A series of email exchanges from 2013 also discuss in detail the choices Facebook made to prohibit potential competitors from advertising on its apps. The question of who qualified as competition—other than Google, which was taken as a given—was debated at length in the email thread.

Ultimately, company leadership seemed to settle on messenger apps being more of a threat than other types of services.

“I think we should block WeChat, Kakao, and Line ads,” company CEO Mark Zuckerberg wrote in a 2013 email. “Those companies are trying to build social networks and replace us. The revenue is immaterial to us compared to any risk. I agree we should use ads to promote our own products, but I’d still block companies that compete with our core from gaining any advantage from us.”

Another series of 2013 emails show how Facebook leadership handled new competition.

MessageMe, a messaging startup, launched in 2013 and was acquired by Yahoo in 2014. Right out of the gate, Facebook leadership considered MessageMe to be too much of a competitive threat to allow the company to access its data. But Facebook was keenly aware of how restricting MessageMe’s access would look from the outside.

“In the first week after launch, MessageMe actually didn’t make any friends.get calls,” Osofsky wrote. “However, MessageMe is now up to ~350K [monthly active users] and made 333K friends calls last week. We will restrict their access to friends.get shortly.”

Osofsky added that the company would also “see if there are any other messenger apps which have hit the growth team’s radar recently. If so, we’d like to restrict them at the same time to group this into one press cycle.”

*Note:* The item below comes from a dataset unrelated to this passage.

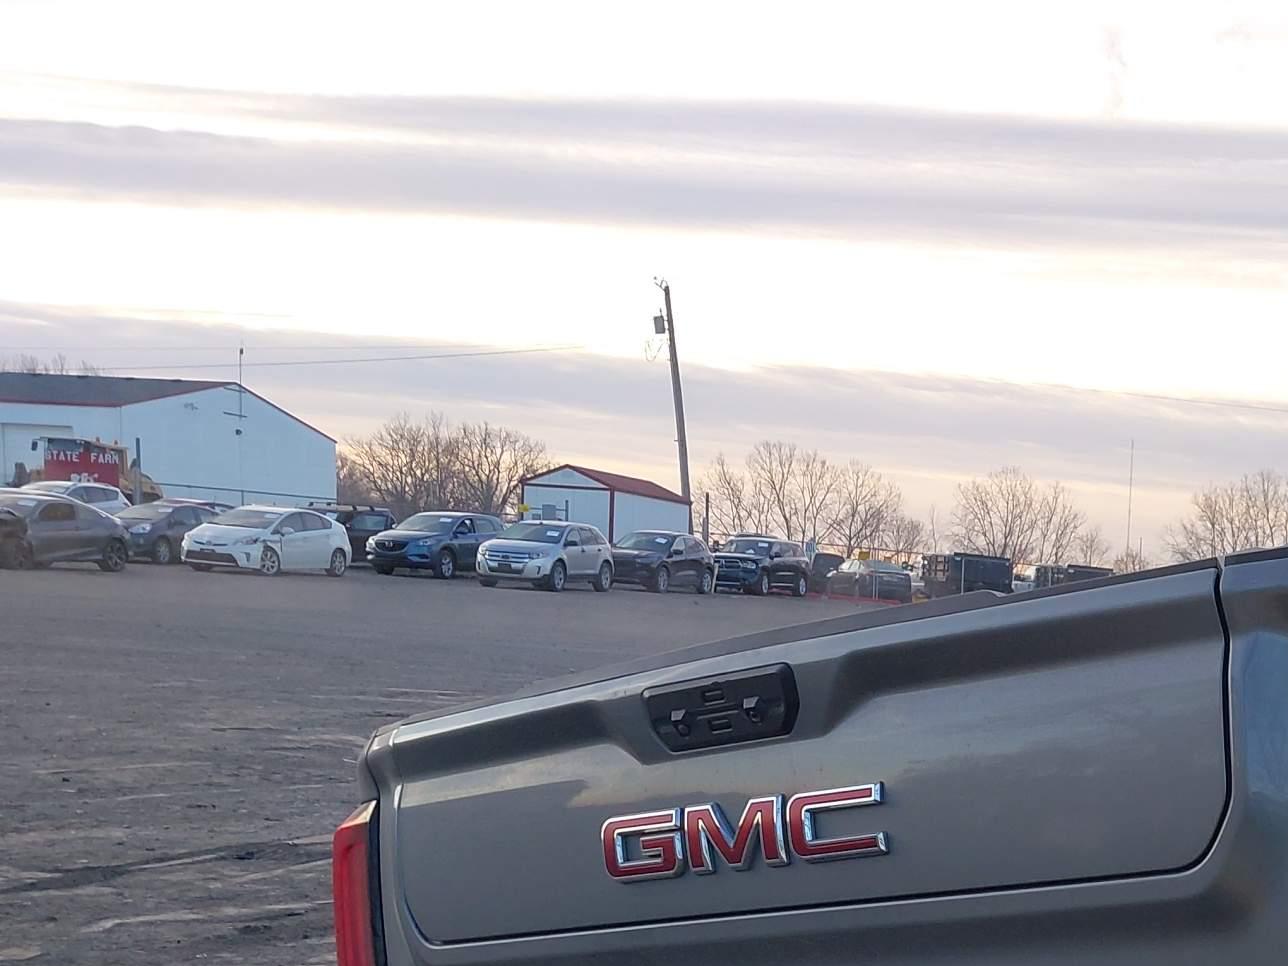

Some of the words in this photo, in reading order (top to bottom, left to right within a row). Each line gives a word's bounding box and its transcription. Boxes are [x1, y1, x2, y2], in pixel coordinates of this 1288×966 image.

[46, 450, 80, 462] STATE
[90, 452, 119, 464] FARM
[601, 780, 889, 884] GMC

Companies in that third bucket, however, were able to make deals with Facebook to re-secure access to user data after the API shift. Amazon, for example, was allowed in because it spent money on advertising with Facebook.

Investigator ammunition

Facebook is currently the target of at least a half-dozen different antitrust probes. In the United States, the House Antitrust Subcommittee, the Federal Trade Commission, the Department of Justice, and 47 states attorneys general are all conducting investigations. European regulators are also working on their own competition cases against the behemoth.

Those probes are not solely addressing the question of whether Facebook is a monopoly, which is what most people associate with antitrust. Rather, they are focusing on what Facebook has done with the market power it has. In particular, using data a company such as Facebook collects from one arm of the business to prevent competitors from arising to challenge other arms of the business is the sort of behavior that antitrust regulators are getting out their metaphorical magnifying glasses to investigate in depth.